> On Thu, Apr 20, 2017 at 7:26 PM, Owen Jacobson <o...@grimoire.ca> wrote:
> > Interesting. Rule 869 says that “A registered person is a player” and
> > secures registration (with power=3). Rule 1551 (Ratification) has power 3.1,
> > so it’s actually possible that ratification could register someone. I don’t
> > think that’s desireable; if nothing else, someone made a player by
> > ratification hasn’t agreed to follow the rules, and there are some troubling
> > questions of consent.

On Thu, 20 Apr 2017, Aris Merchant wrote:
> CFJ 1836 states that a self ratifying report does not ratify
> information it incidentally contains, particularly the list of
> players. The logic behind that is rather interesting, but anyways, it
> applies in this case.

CFJ 3455 comes to the same conclusion, a bit more directly and with
recent rules:  https://faculty.washington.edu/kerim/nomic/cases/3455.

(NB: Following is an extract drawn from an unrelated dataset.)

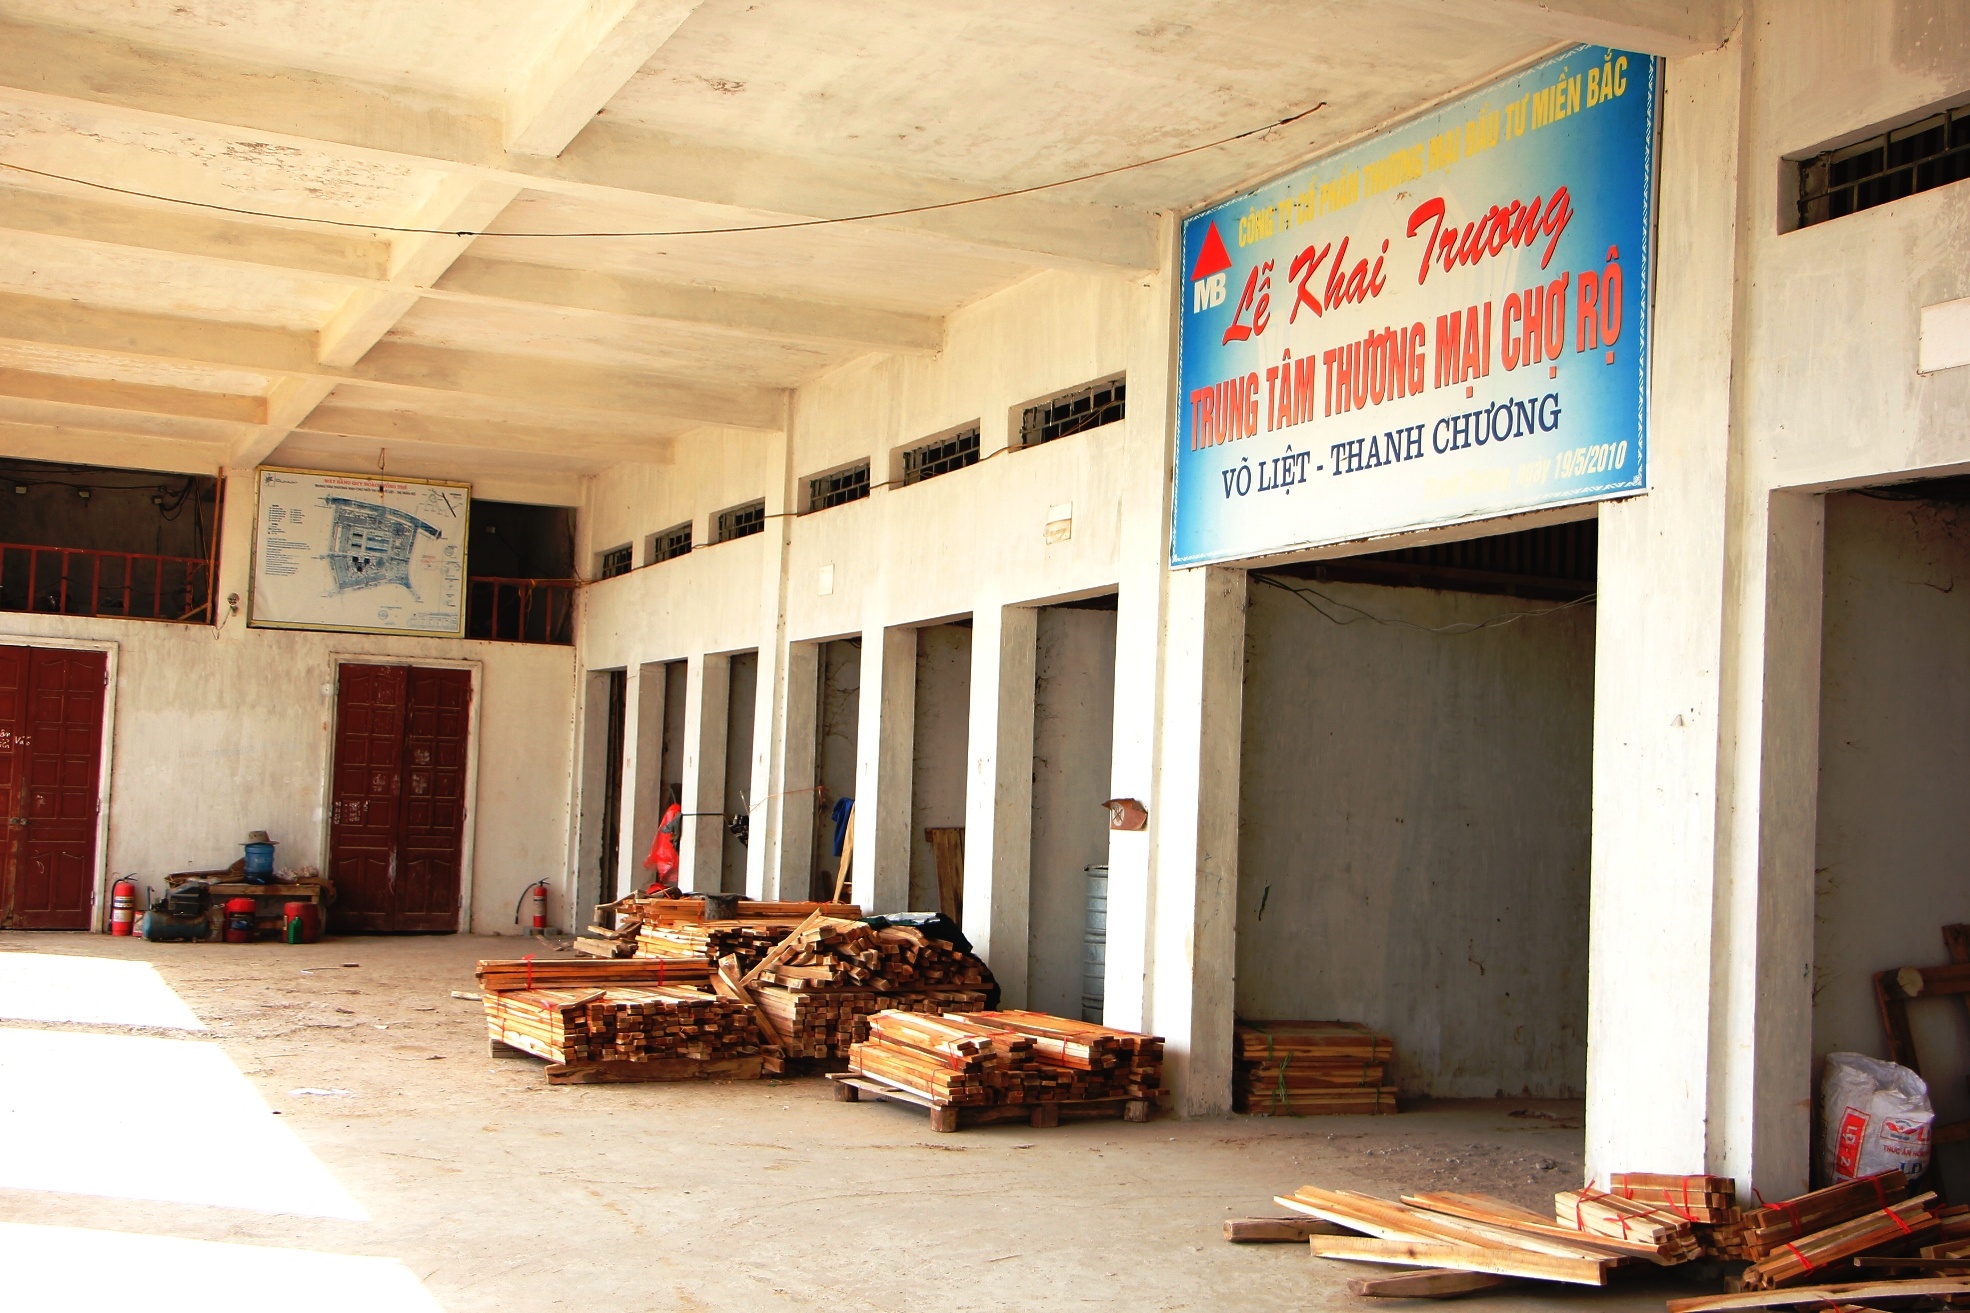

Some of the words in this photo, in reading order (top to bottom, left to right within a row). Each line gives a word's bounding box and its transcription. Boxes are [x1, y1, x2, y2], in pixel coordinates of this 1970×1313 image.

To summarize, R1551 specifically states that it can't ratify a direct 
contradiction with the rules into the gamestate, and ratifying a player into 
the gamestate who has not explicitly consented to being a player is a 
contradiction, so the ratification attempt fails.

This leaves open the question of what happens if a person does consent 
without registering (might be hard to do, as a statement of consent is 
generally taken to be a registration attempt).